The plugins in this project provide support for the new DITA 1.3 vocabulary using the 1.x version of the DITA Open Toolkit (the 2.x version of the Open Toolkit has DITA 1.3 support built in).
Update 9 July 2015: The first public draft of the DITA 1.3 spec is available for public review until August 7. Official announcement is here: https://lists.oasis-open.org/archives/dita/201507/msg00033.html
Note that this support is only for vocabulary, it does not include support for branch filtering or scoped keys, which require significant enhancement to the pre-1.3 DITA preprocessing.

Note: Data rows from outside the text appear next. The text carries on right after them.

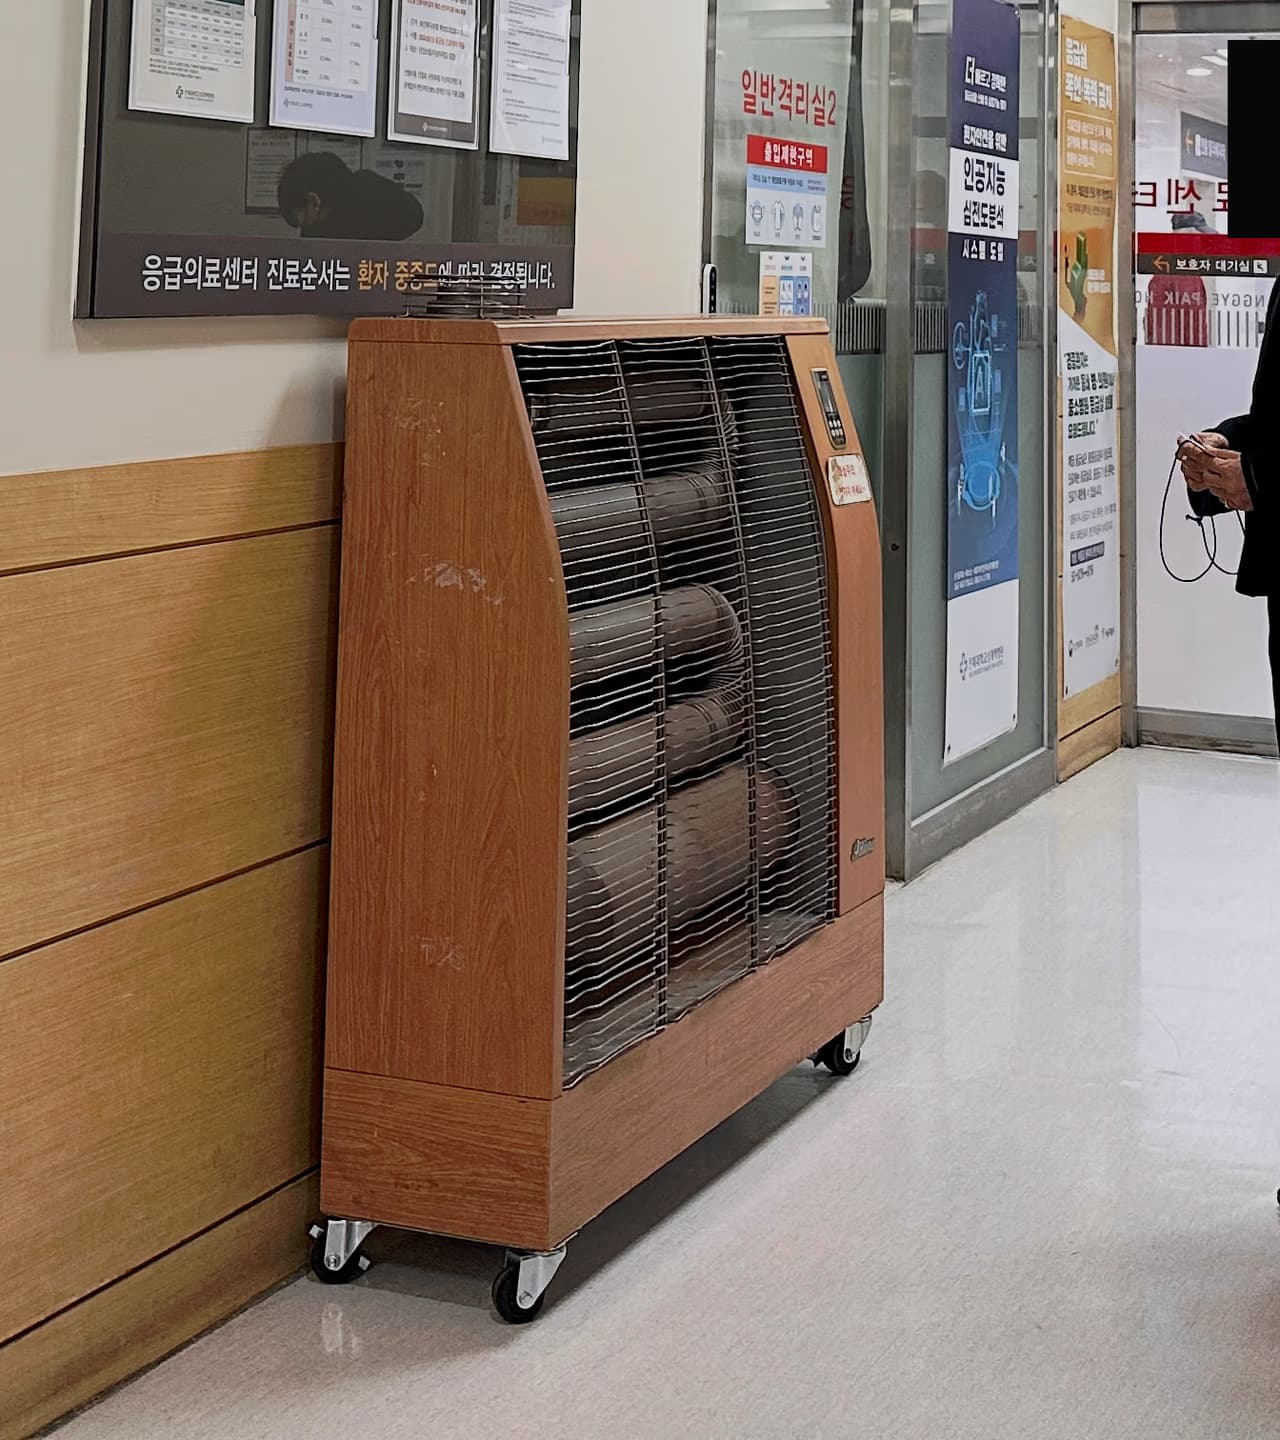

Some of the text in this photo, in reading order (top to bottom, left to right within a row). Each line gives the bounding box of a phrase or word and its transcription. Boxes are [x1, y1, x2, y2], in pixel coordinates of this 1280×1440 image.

[965, 56, 975, 85] 더
[741, 69, 837, 127] 일반격리실2
[764, 141, 813, 167] 출입제한구역
[963, 156, 1005, 196] 인공지능
[142, 255, 258, 291] 응급의료센터
[267, 258, 350, 291] 진료순서는
[357, 259, 388, 291] 환자
[1175, 258, 1250, 273] 보호자 대기실
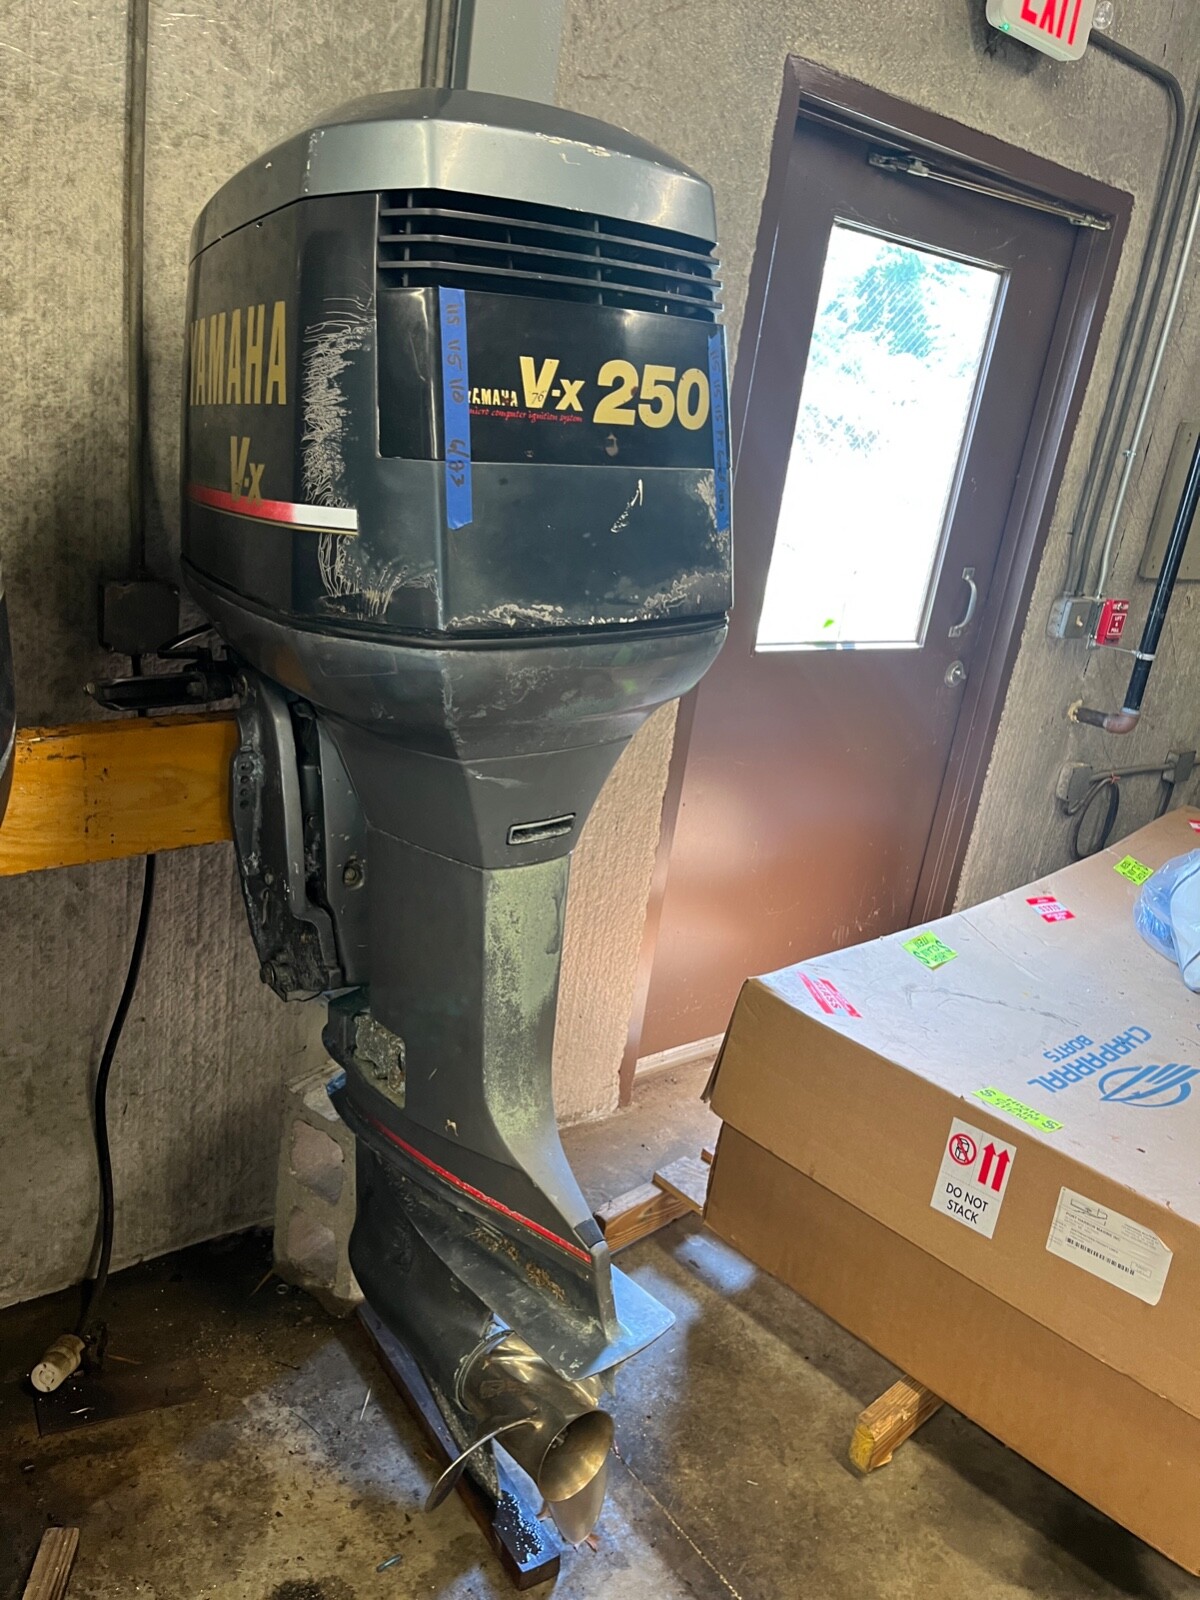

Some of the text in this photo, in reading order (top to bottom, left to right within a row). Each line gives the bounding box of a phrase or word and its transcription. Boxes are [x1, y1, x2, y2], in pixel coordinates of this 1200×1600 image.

The project includes four Open Toolkit plugins and a "test" directory:
To install the plugins do:
Because the 1.x Open Toolkit always includes plugin-provided catalog entries after its built-in entries, you can't use the version-independent public IDs for the OASIS-provided document 1.3 type shells as the public IDs will resolve to the built-in 1.2 shells.
Thus, if you want to use the OASIS-provided document type shells you must use the DITA 1.3-specific public IDs, which include " 1.3" after "DITA" in the public ID, e.g.:
<!DOCTYPE map PUBLIC "-//OASIS//DTD DITA 1.3 Map//EN" "map.dtd">
You should be using local document type shells. In those shells you must likewise use the DITA 1.3-specific public IDs for references to OASIS-provided vocabulary and constraint modules, e.g.:
<!ENTITY % hi-d-def
PUBLIC "-//OASIS//ELEMENTS DITA 1.3 Highlight Domain//EN"
"highlightDomain.mod"
>%hi-d-def;
The DITA 1.3 support includes PDF and HTML support for static rendering of Learning 1 and Learning 2 interactions (questions and answers). Both plugins provide a number of run-time options that control how questions are rendered:
In addition, through your own extension XSLT you can dynamically set these options during output processing so that you can, for example, process the same questions once to produce a test and again to produce an answer key or a teacher version of the test with the correct answers and feedback shown.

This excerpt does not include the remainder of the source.